### TASK TO COMPLETE
Set every line of the listing down again, keeping it identical.
+-------+
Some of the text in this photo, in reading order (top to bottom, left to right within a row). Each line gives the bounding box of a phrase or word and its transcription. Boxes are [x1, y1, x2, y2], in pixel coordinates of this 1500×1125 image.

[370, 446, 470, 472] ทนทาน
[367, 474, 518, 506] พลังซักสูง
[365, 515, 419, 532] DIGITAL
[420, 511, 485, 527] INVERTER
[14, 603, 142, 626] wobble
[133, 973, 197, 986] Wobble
+-------+
### ANSWER TO THIS PROBLEM
Some of the text in this photo, in reading order (top to bottom, left to right within a row). Each line gives the bounding box of a phrase or word and its transcription. Boxes are [x1, y1, x2, y2], in pixel coordinates of this 1500×1125 image.

[370, 446, 470, 472] ทนทาน
[367, 474, 518, 506] พลังซักสูง
[365, 515, 419, 532] DIGITAL
[420, 511, 485, 527] INVERTER
[14, 603, 142, 626] wobble
[133, 973, 197, 986] Wobble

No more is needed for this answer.